● WHAT THE EXERCISE ASKS: The entries below should be repeated exactly, with no pictures carried over.

● RECORDS FOR THIS EXERCISE:
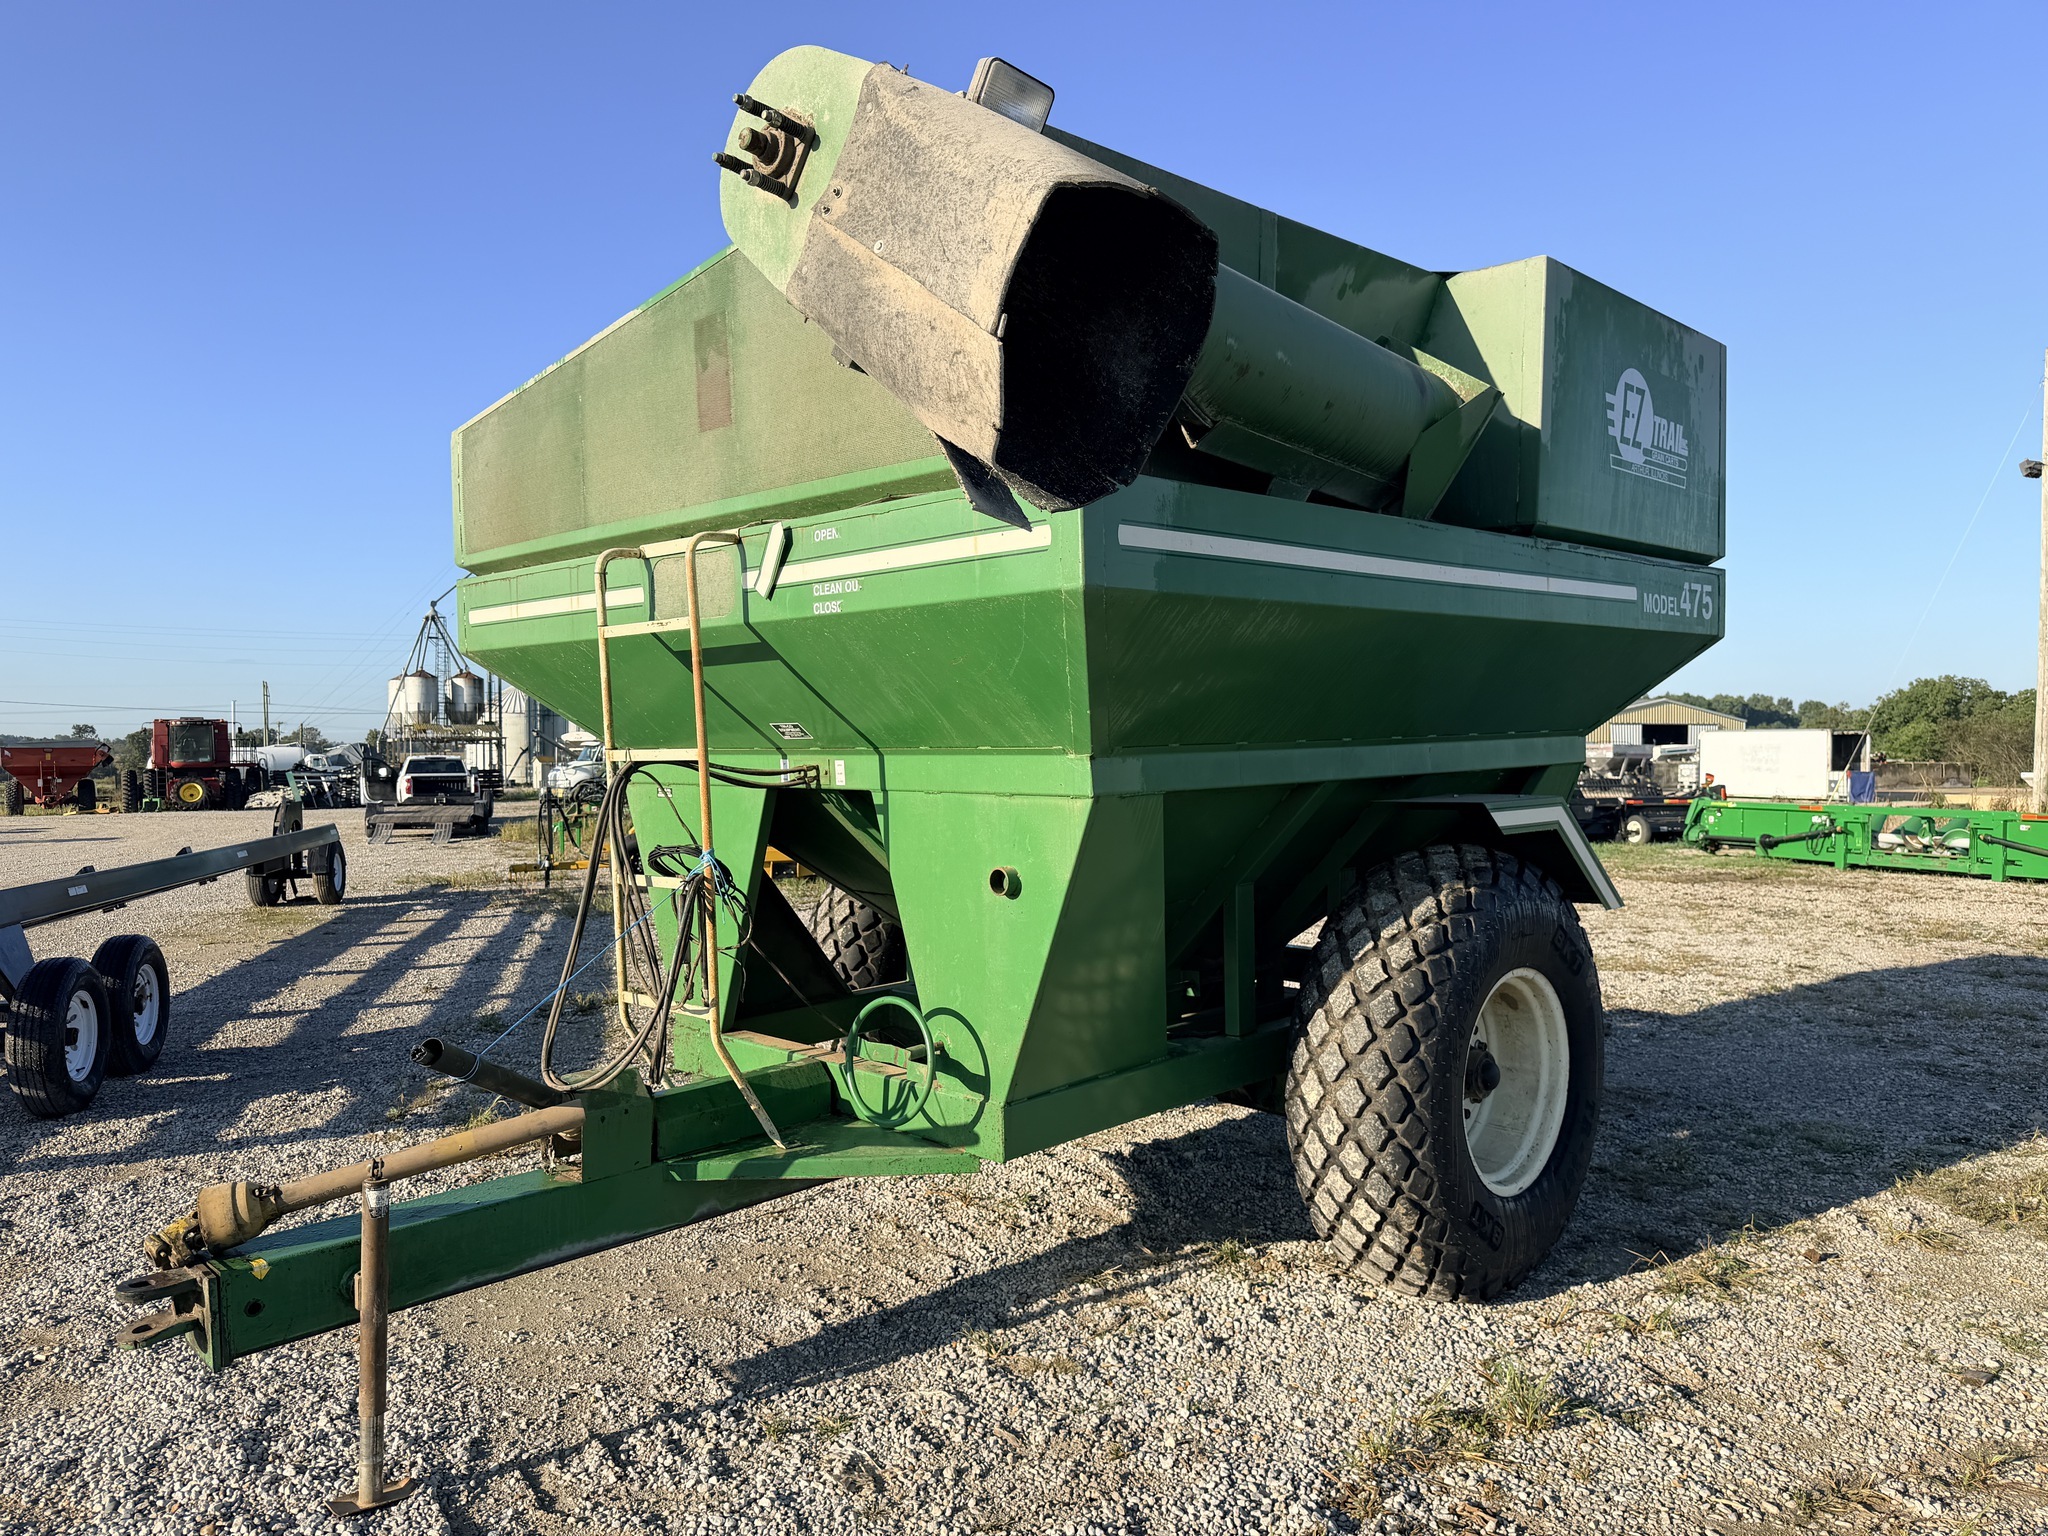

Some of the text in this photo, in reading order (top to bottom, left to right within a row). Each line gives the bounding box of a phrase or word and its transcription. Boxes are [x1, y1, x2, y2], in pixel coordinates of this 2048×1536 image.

[1653, 415, 1688, 457] TRAIL
[813, 578, 862, 596] CLEAN OU
[1643, 581, 1713, 620] MODEL 475
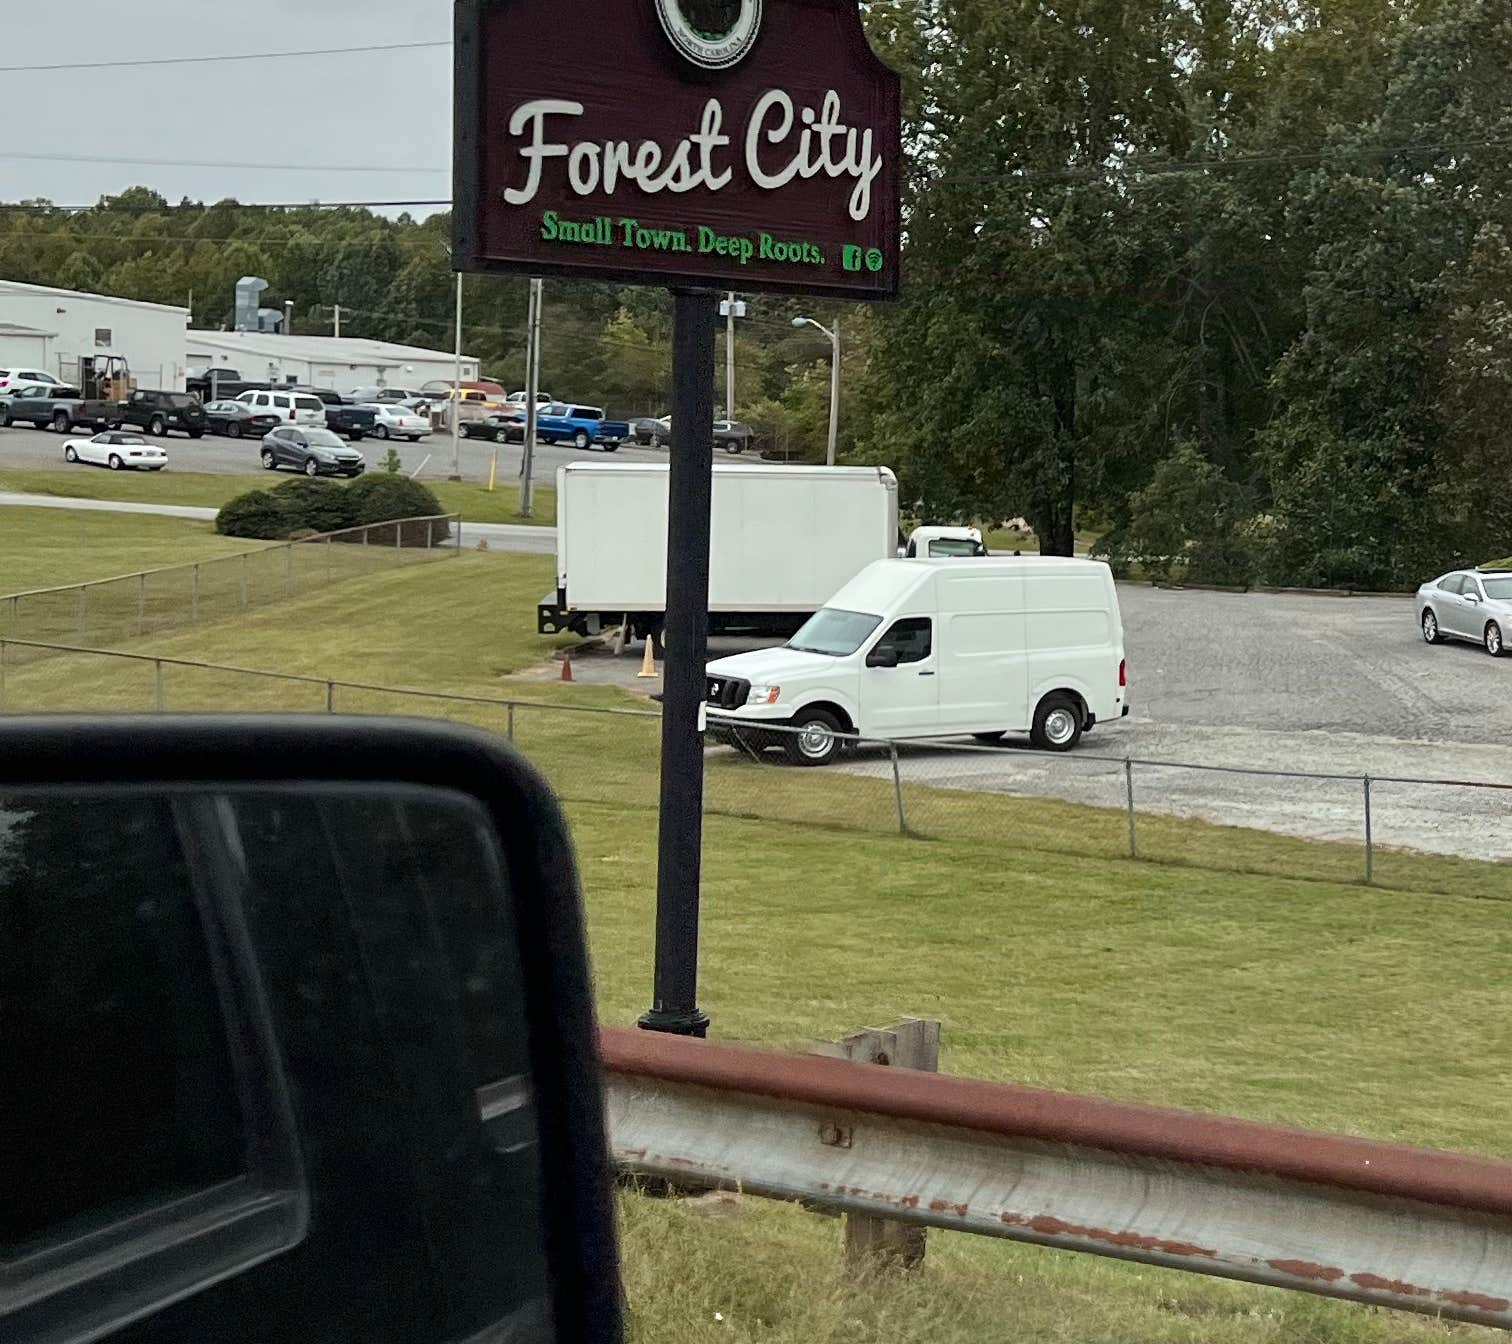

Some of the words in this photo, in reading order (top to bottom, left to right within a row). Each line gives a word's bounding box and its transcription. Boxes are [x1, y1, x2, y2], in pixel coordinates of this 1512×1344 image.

[503, 98, 732, 205] Forest
[745, 89, 883, 221] City
[541, 211, 612, 244] Small
[620, 219, 692, 253] Town.
[698, 226, 753, 264] Deep
[759, 233, 826, 264] Roots.

● ANSWER TO THE EXERCISE:
Some of the text in this photo, in reading order (top to bottom, left to right within a row). Each line gives the bounding box of a phrase or word and its transcription. Boxes are [x1, y1, x2, y2], in pixel coordinates of this 2048×1536 image.

[1653, 415, 1688, 457] TRAIL
[813, 578, 862, 596] CLEAN OU
[1643, 581, 1713, 620] MODEL 475

Some of the words in this photo, in reading order (top to bottom, left to right within a row). Each line gives a word's bounding box and its transcription. Boxes are [x1, y1, x2, y2], in pixel coordinates of this 1512×1344 image.

[503, 98, 732, 205] Forest
[745, 89, 883, 221] City
[541, 211, 612, 244] Small
[620, 219, 692, 253] Town.
[698, 226, 753, 264] Deep
[759, 233, 826, 264] Roots.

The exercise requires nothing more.